• **TASK DIRECTIONS**
All lines from the one with "Some of the text" to the end of the listing below are to be transcribed exactly; both end lines are included, and no other lines are.

• **INPUT DATA**
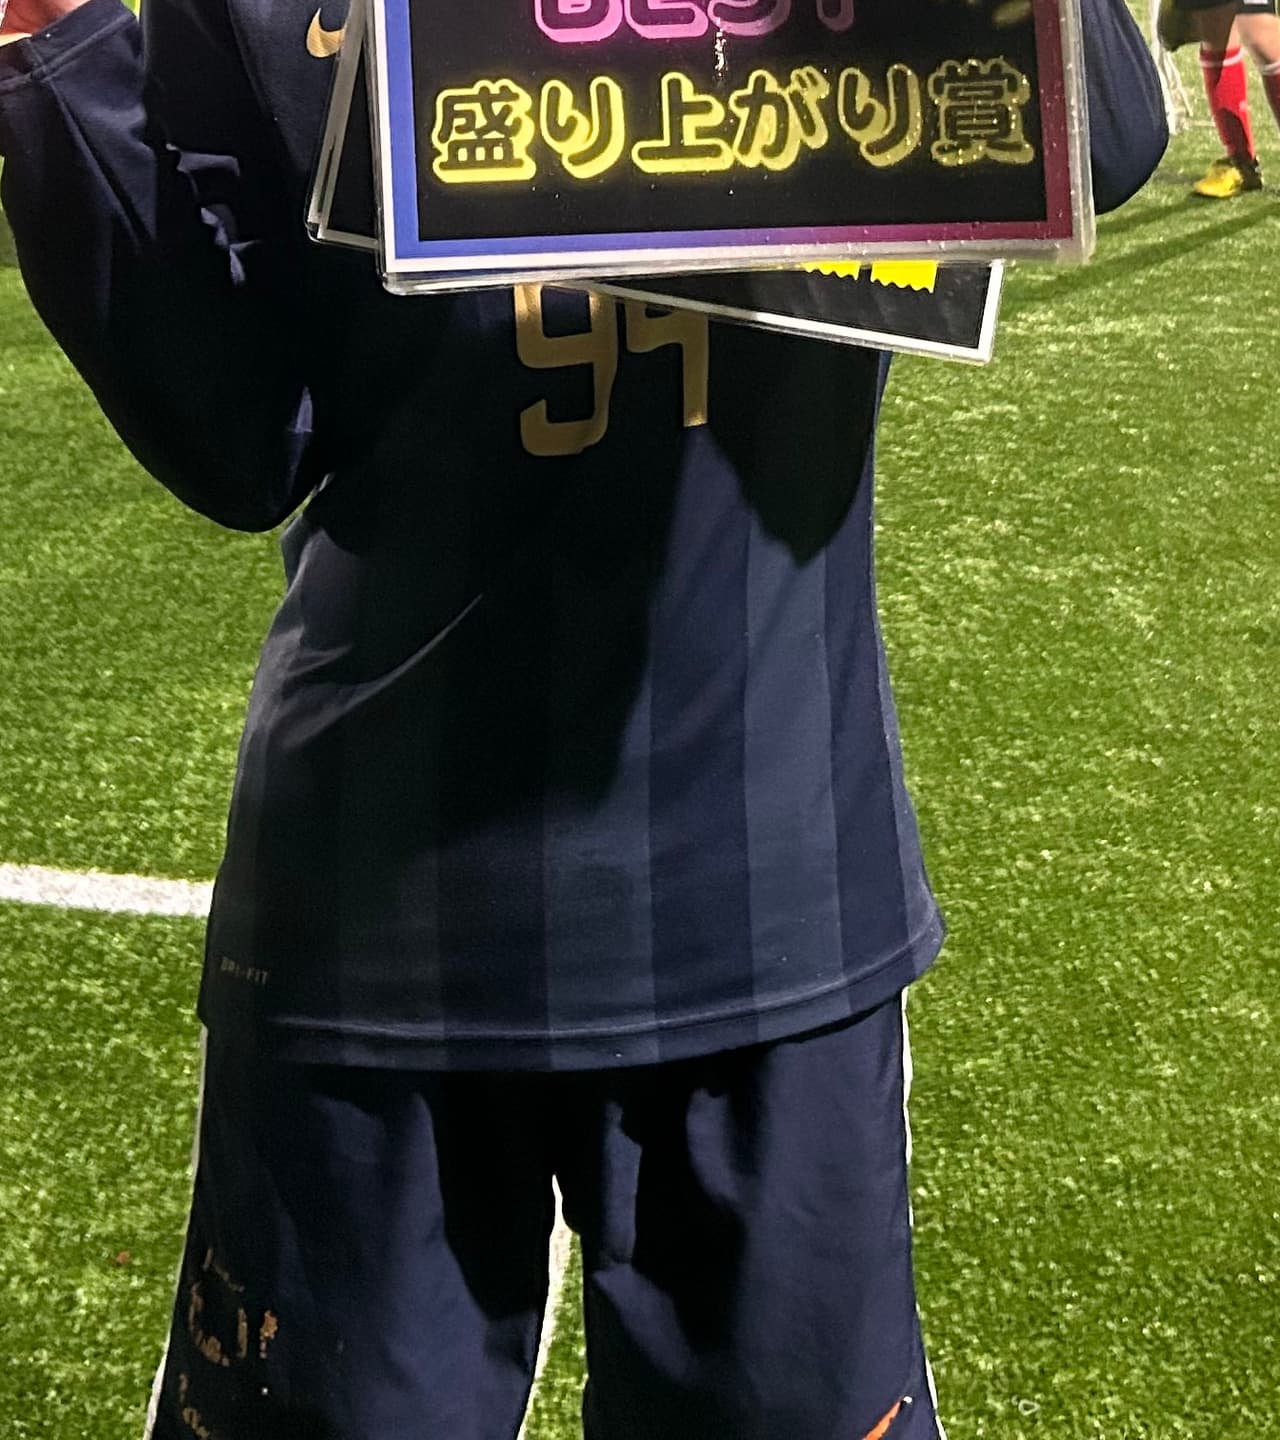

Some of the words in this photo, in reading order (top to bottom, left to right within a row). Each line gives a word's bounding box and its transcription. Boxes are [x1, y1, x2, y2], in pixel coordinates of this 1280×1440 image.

[432, 58, 1035, 182] 盛り上がり賞
[514, 280, 709, 456] 94
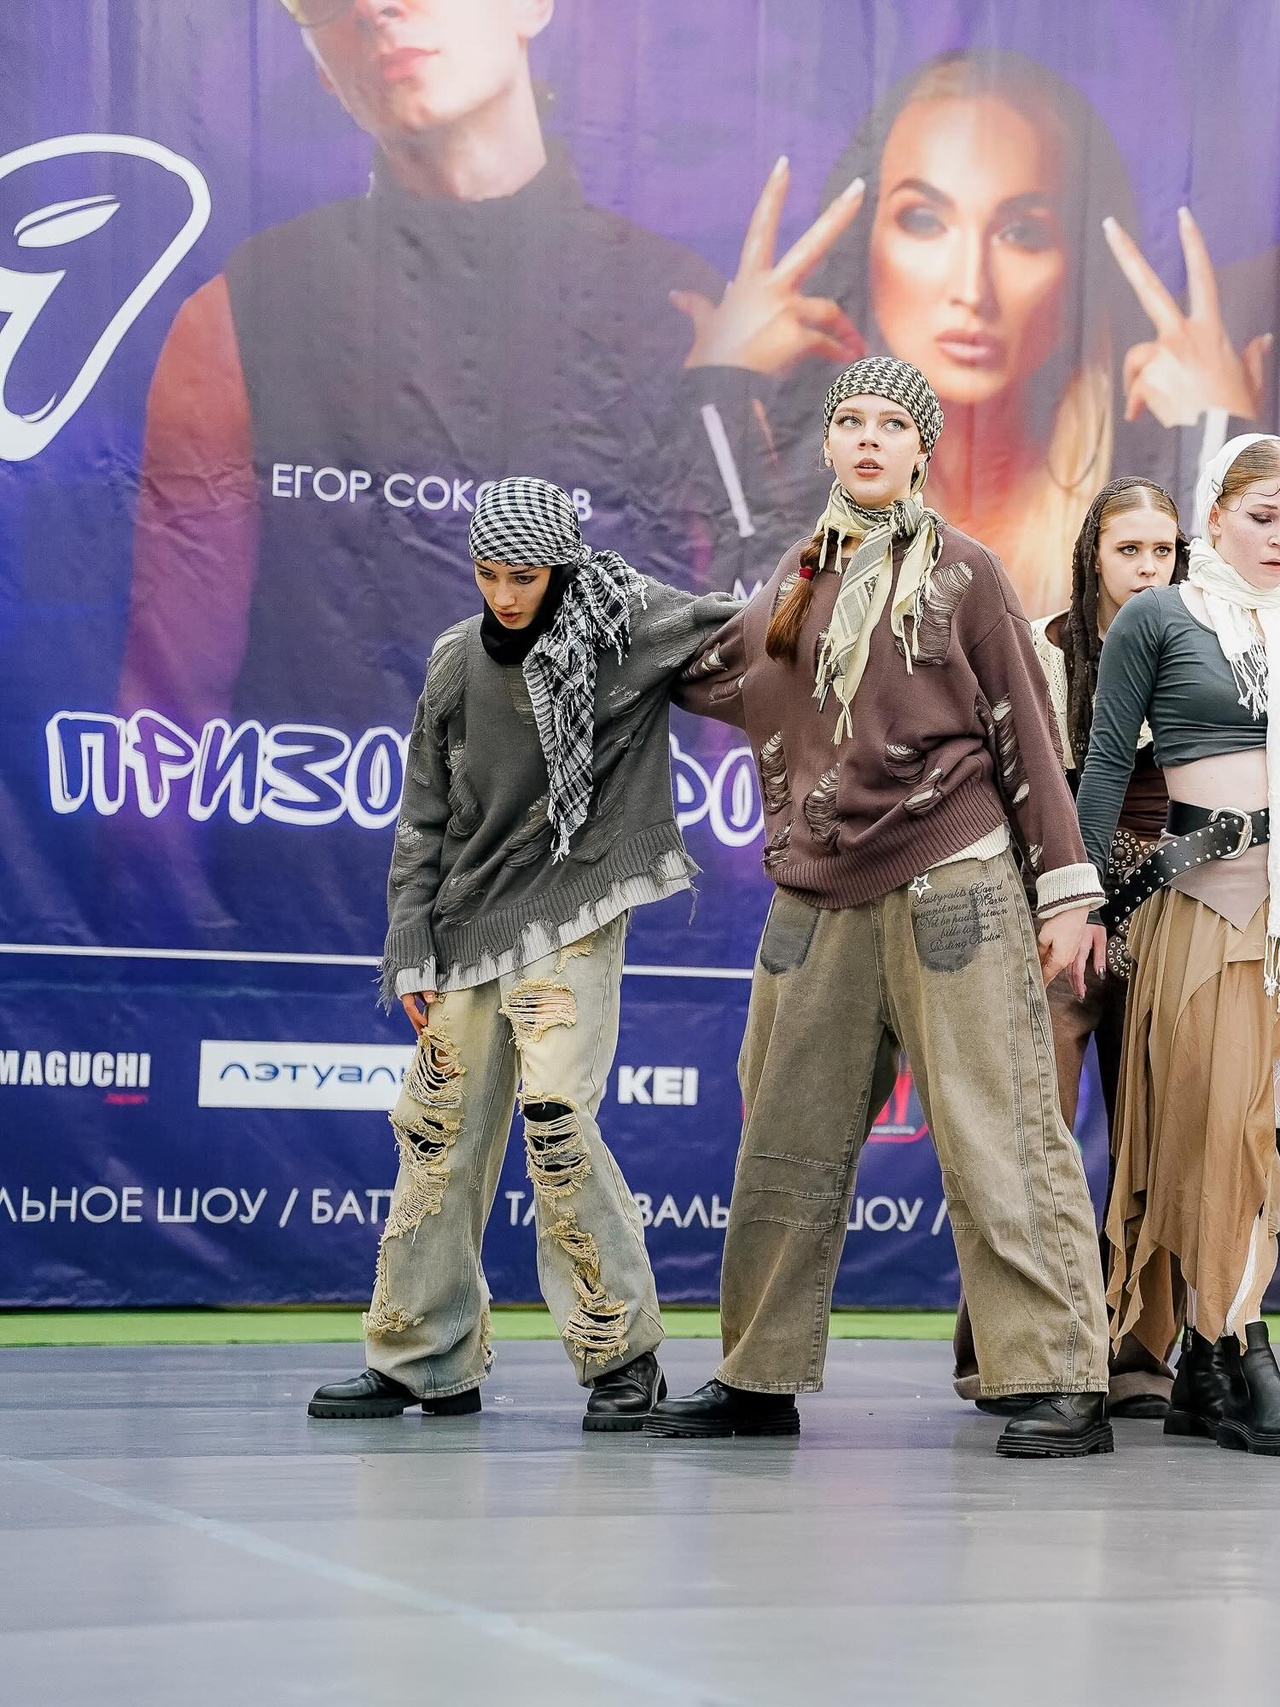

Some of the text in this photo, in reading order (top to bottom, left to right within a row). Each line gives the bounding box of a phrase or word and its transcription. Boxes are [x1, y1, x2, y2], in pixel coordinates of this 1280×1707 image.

[272, 463, 593, 522] ЕГОР СОКВ
[45, 708, 410, 830] ПРИЗО
[0, 1186, 143, 1223] ЛЬНОЕ
[157, 1186, 268, 1225] ШОУ

• **COMPLETED TASK**
Some of the text in this photo, in reading order (top to bottom, left to right within a row). Each line gives the bounding box of a phrase or word and its transcription. Boxes are [x1, y1, x2, y2], in pixel coordinates of this 1280×1707 image.

[272, 463, 593, 522] ЕГОР СОКВ
[45, 708, 410, 830] ПРИЗО
[0, 1186, 143, 1223] ЛЬНОЕ
[157, 1186, 268, 1225] ШОУ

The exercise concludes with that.